== What the exercise asks ==
Images are to be skipped; everything else in the records must be repeated exactly.
(Provided data)
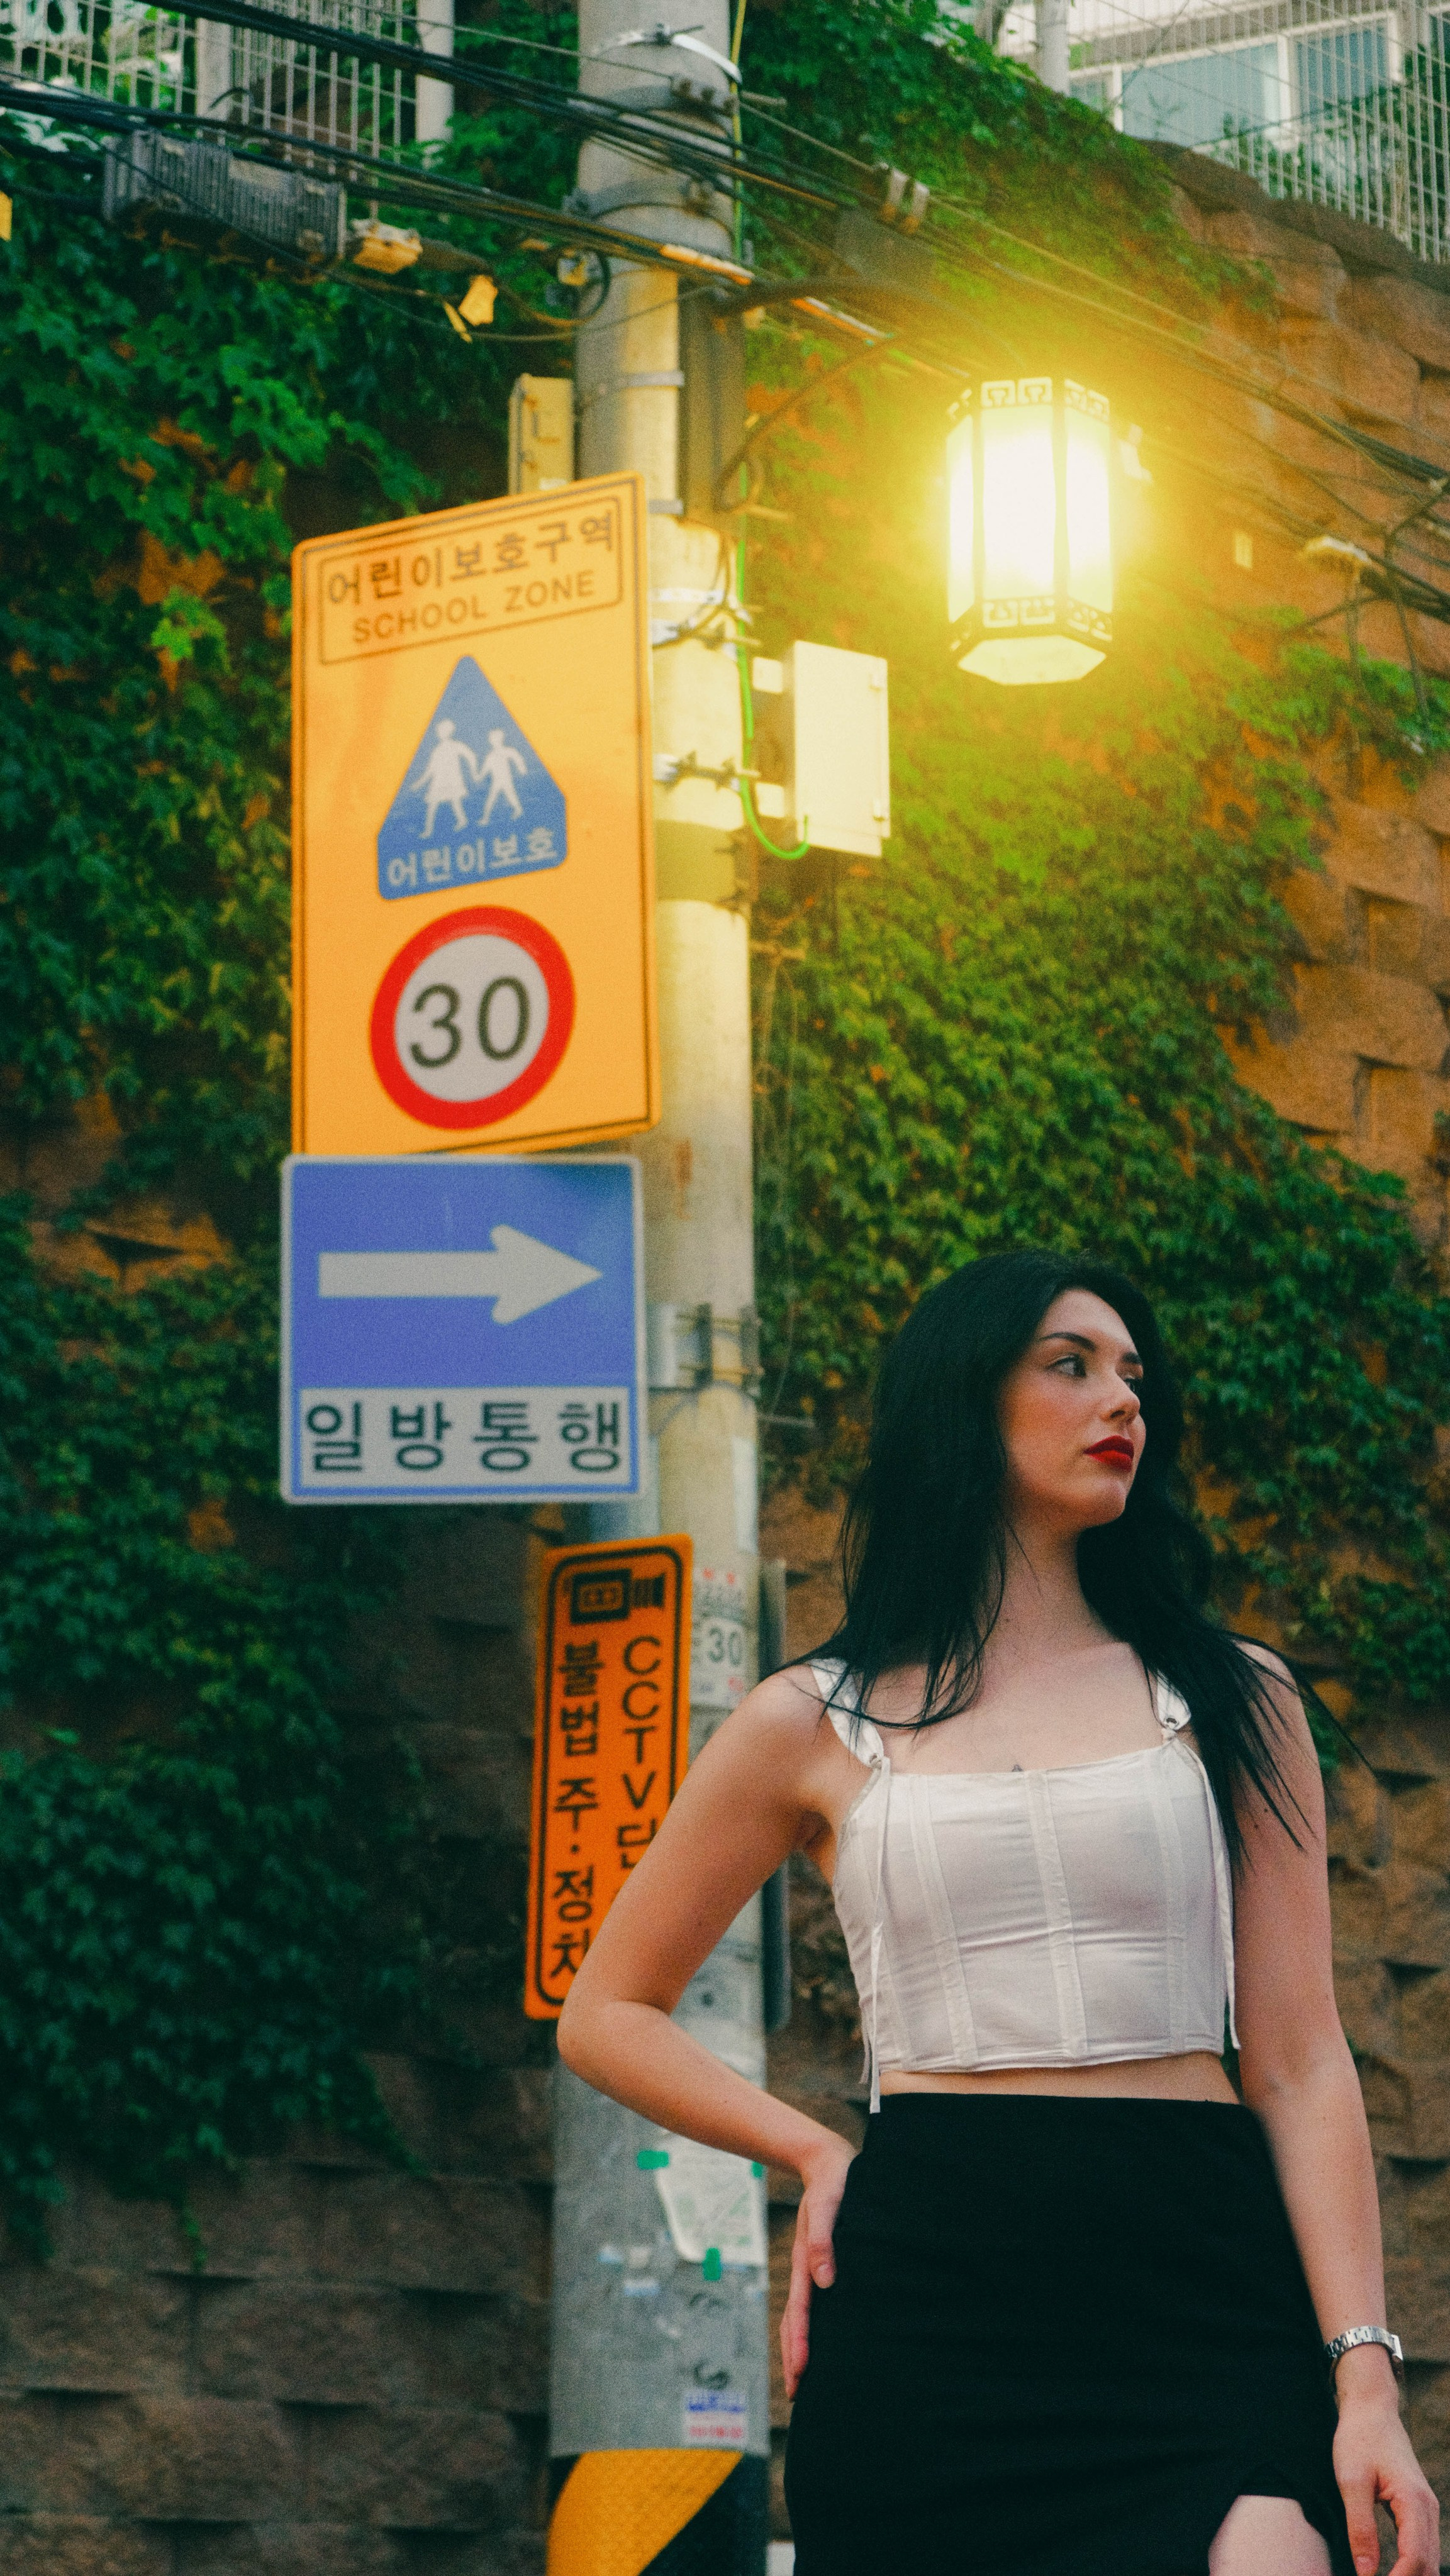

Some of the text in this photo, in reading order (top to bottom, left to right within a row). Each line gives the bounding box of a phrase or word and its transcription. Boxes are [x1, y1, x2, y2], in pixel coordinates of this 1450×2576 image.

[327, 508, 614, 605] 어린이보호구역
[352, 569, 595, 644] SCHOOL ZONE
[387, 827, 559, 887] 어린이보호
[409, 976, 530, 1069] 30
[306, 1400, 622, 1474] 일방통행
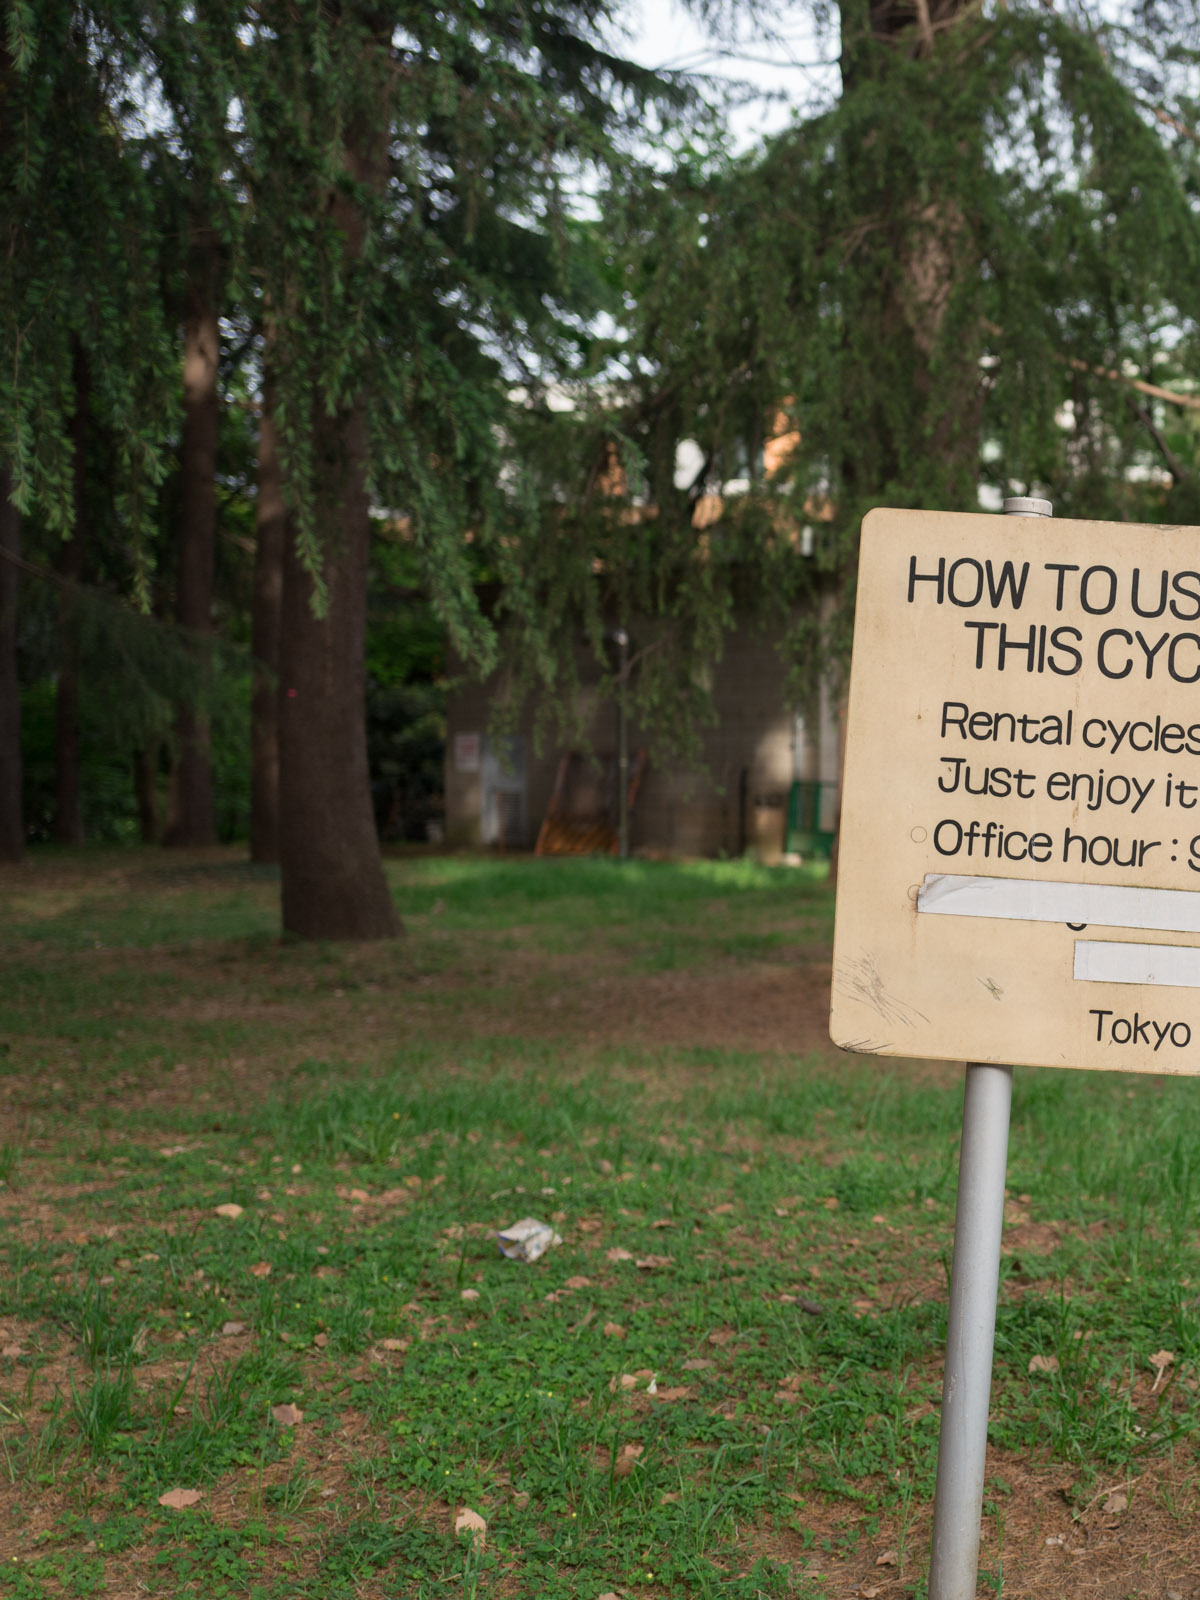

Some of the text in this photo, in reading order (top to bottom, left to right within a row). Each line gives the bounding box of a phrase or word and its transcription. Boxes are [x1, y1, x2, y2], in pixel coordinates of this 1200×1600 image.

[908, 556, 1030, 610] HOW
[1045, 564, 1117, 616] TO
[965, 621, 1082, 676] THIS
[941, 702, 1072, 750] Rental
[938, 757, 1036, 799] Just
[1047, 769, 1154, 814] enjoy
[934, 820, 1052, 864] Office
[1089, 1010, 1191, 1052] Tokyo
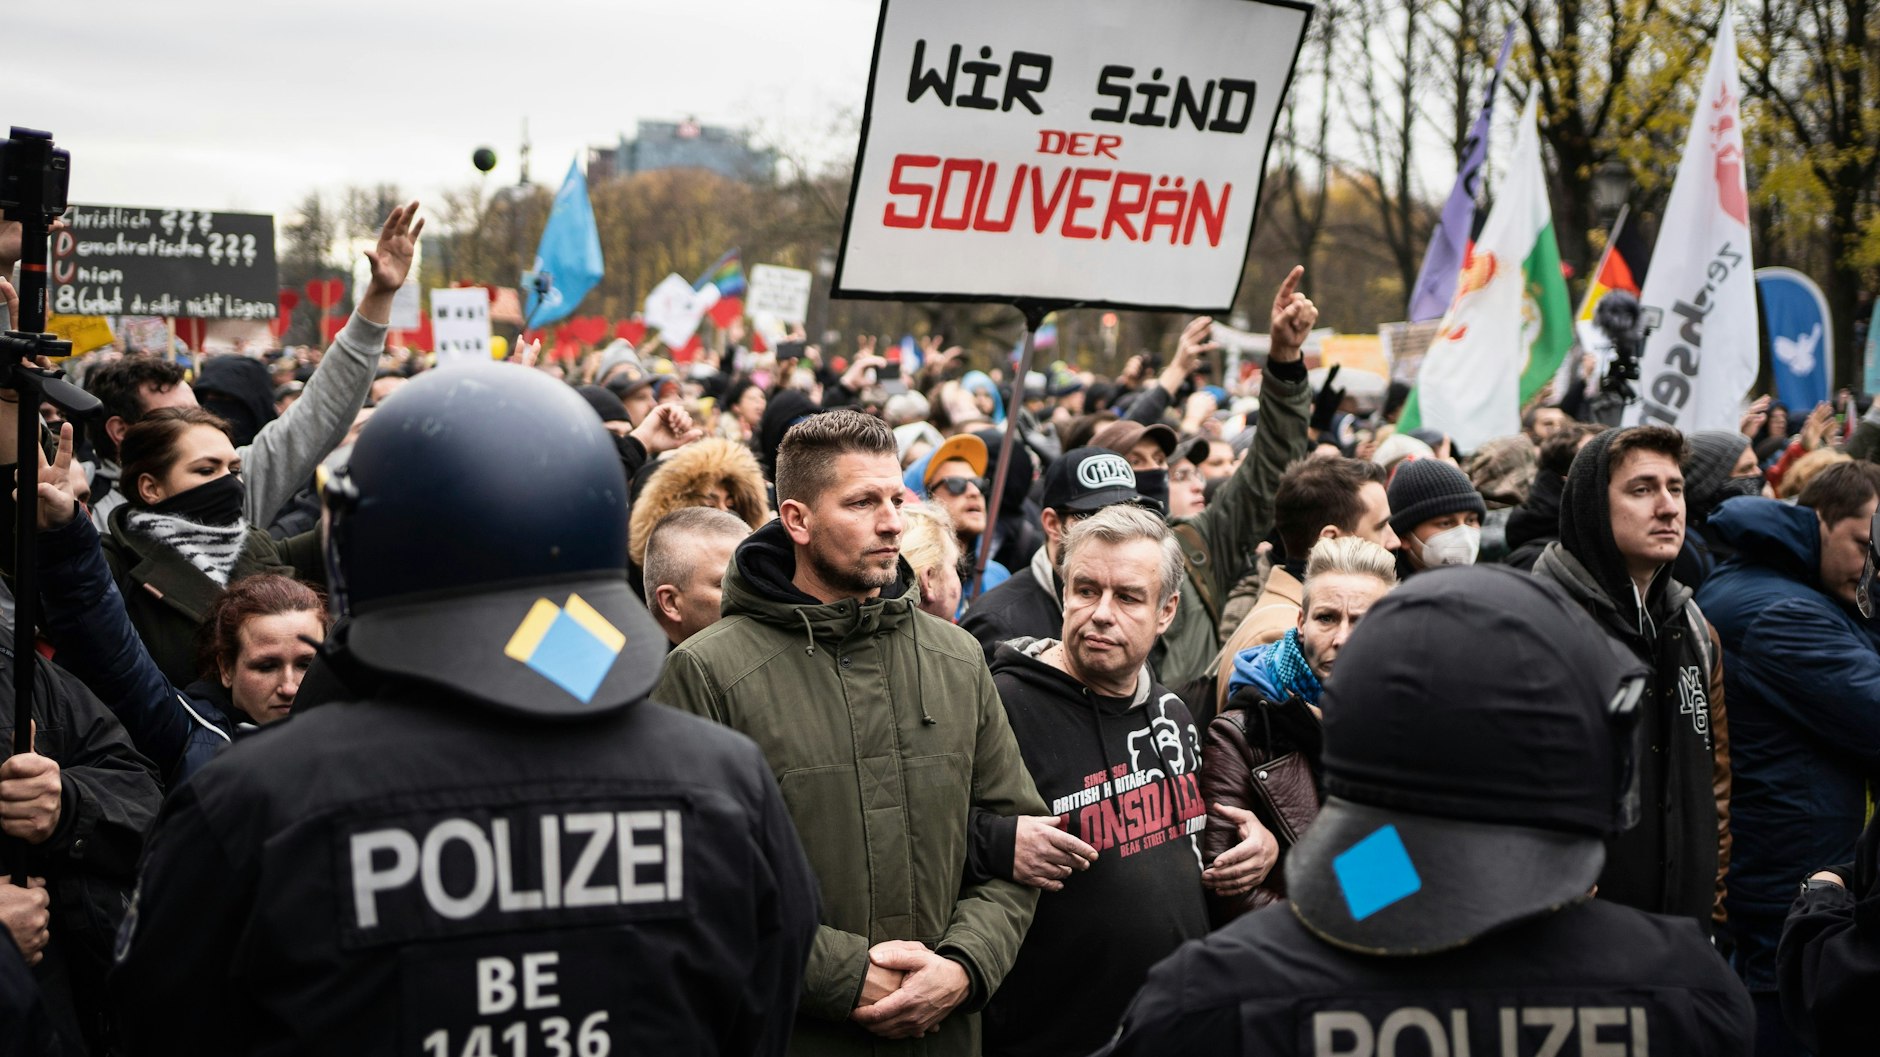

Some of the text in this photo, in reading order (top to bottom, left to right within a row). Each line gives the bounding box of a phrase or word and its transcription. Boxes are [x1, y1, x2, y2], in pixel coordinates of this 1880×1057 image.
(End Provided data)
== Solution for this task ==
Some of the text in this photo, in reading order (top to bottom, left to right within a row). Each line gives the bounding box of a phrase or word and its transcription. Boxes are [x1, y1, x2, y2], in pixel coordinates of this 1450×2576 image.

[327, 508, 614, 605] 어린이보호구역
[352, 569, 595, 644] SCHOOL ZONE
[387, 827, 559, 887] 어린이보호
[409, 976, 530, 1069] 30
[306, 1400, 622, 1474] 일방통행

Some of the text in this photo, in reading order (top to bottom, left to right within a row). Each line gives the bounding box of a phrase or word and its transcription. Boxes are [x1, y1, x2, y2], in pixel coordinates of this 1200×1600 image.

[908, 556, 1030, 610] HOW
[1045, 564, 1117, 616] TO
[965, 621, 1082, 676] THIS
[941, 702, 1072, 750] Rental
[938, 757, 1036, 799] Just
[1047, 769, 1154, 814] enjoy
[934, 820, 1052, 864] Office
[1089, 1010, 1191, 1052] Tokyo

Some of the text in this photo, in reading order (top to bottom, left to right within a row). Each line gives the bounding box of a phrase or word and its transcription. Boxes are [x1, y1, x2, y2], in pixel coordinates of this 1880×1057 image.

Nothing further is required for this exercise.